SUPPLIED RECORDS =
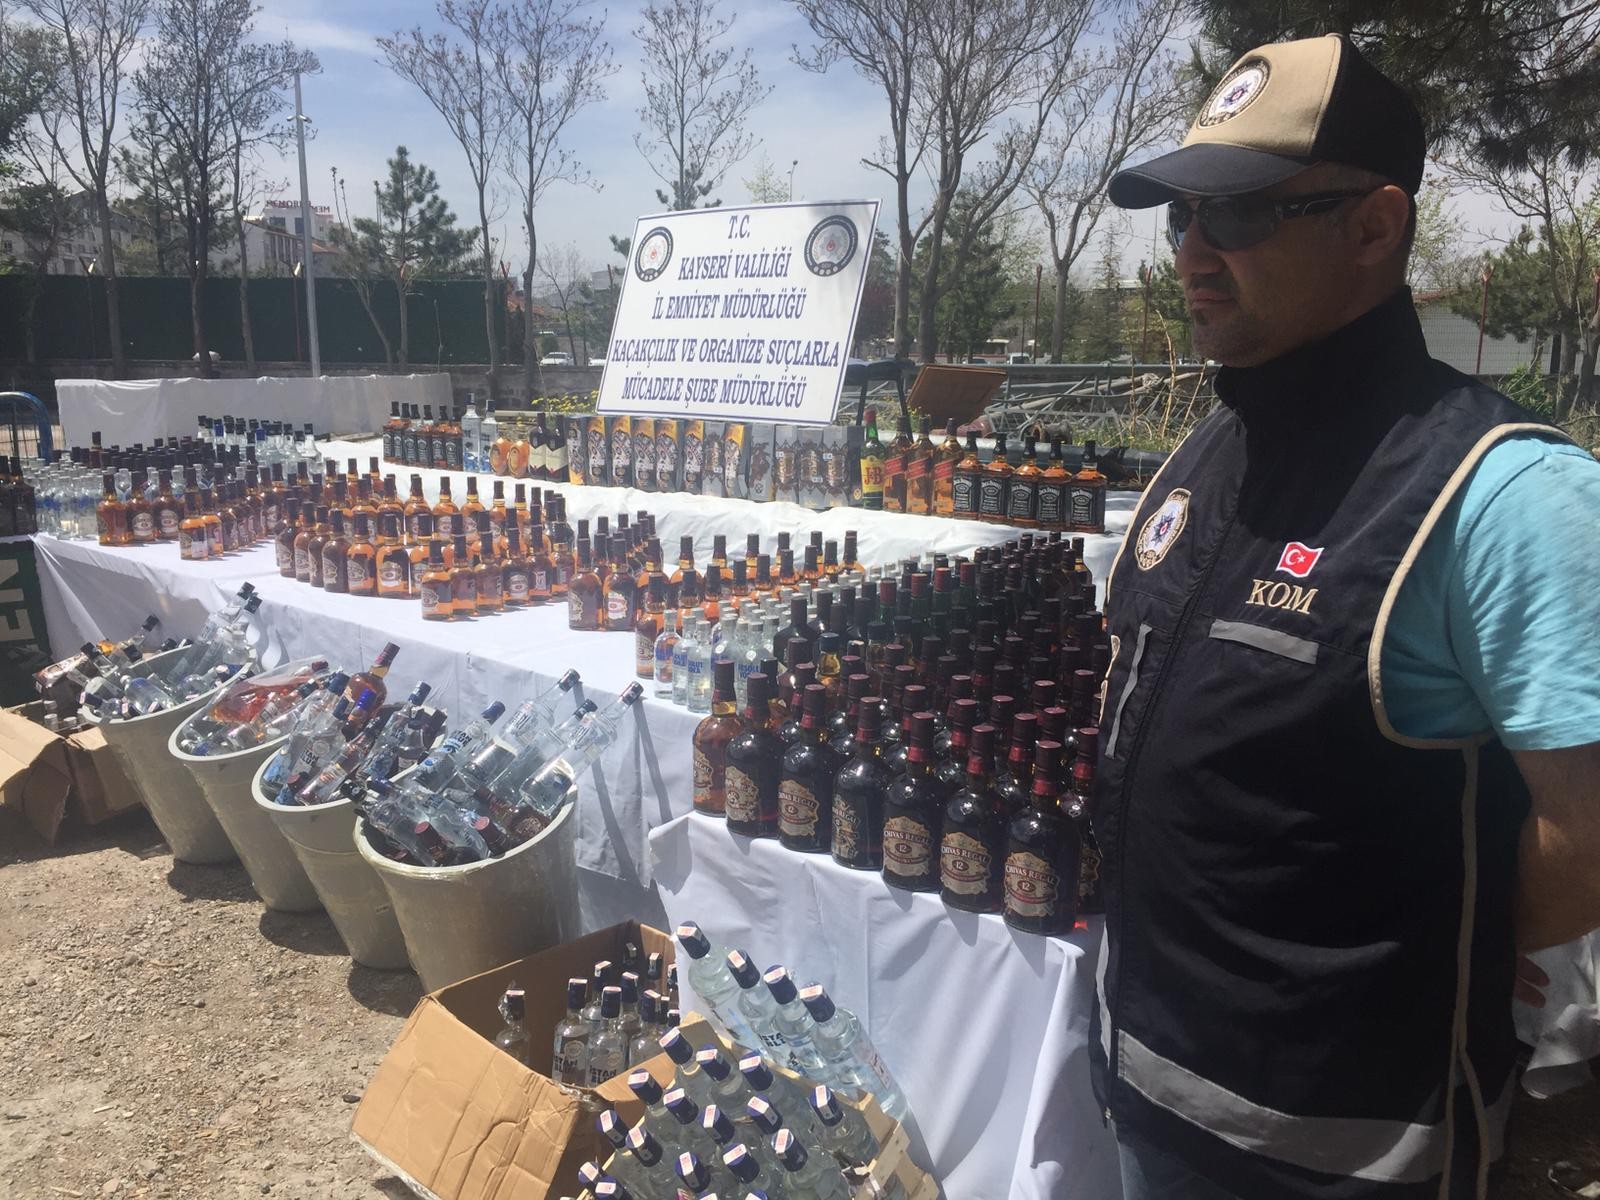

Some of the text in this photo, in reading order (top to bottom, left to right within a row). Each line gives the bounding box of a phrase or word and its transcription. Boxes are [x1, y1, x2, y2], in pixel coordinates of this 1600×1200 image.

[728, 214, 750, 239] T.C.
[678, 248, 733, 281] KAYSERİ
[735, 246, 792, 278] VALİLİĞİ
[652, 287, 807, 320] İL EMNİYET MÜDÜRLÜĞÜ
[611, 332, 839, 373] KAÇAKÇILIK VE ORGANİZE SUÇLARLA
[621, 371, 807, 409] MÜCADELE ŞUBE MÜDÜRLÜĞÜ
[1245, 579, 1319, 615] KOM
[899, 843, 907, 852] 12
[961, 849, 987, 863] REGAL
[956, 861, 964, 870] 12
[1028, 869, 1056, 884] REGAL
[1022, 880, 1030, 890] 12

WHAT YOU NEED TO DO =
No pictures should appear in the copy, and each record above is to be returned exactly.

ANSWER TO THE PROBLEM =
Some of the text in this photo, in reading order (top to bottom, left to right within a row). Each line gives the bounding box of a phrase or word and its transcription. Boxes are [x1, y1, x2, y2], in pixel coordinates of this 1600×1200 image.

[728, 214, 750, 239] T.C.
[678, 248, 733, 281] KAYSERİ
[735, 246, 792, 278] VALİLİĞİ
[652, 287, 807, 320] İL EMNİYET MÜDÜRLÜĞÜ
[611, 332, 839, 373] KAÇAKÇILIK VE ORGANİZE SUÇLARLA
[621, 371, 807, 409] MÜCADELE ŞUBE MÜDÜRLÜĞÜ
[1245, 579, 1319, 615] KOM
[899, 843, 907, 852] 12
[961, 849, 987, 863] REGAL
[956, 861, 964, 870] 12
[1028, 869, 1056, 884] REGAL
[1022, 880, 1030, 890] 12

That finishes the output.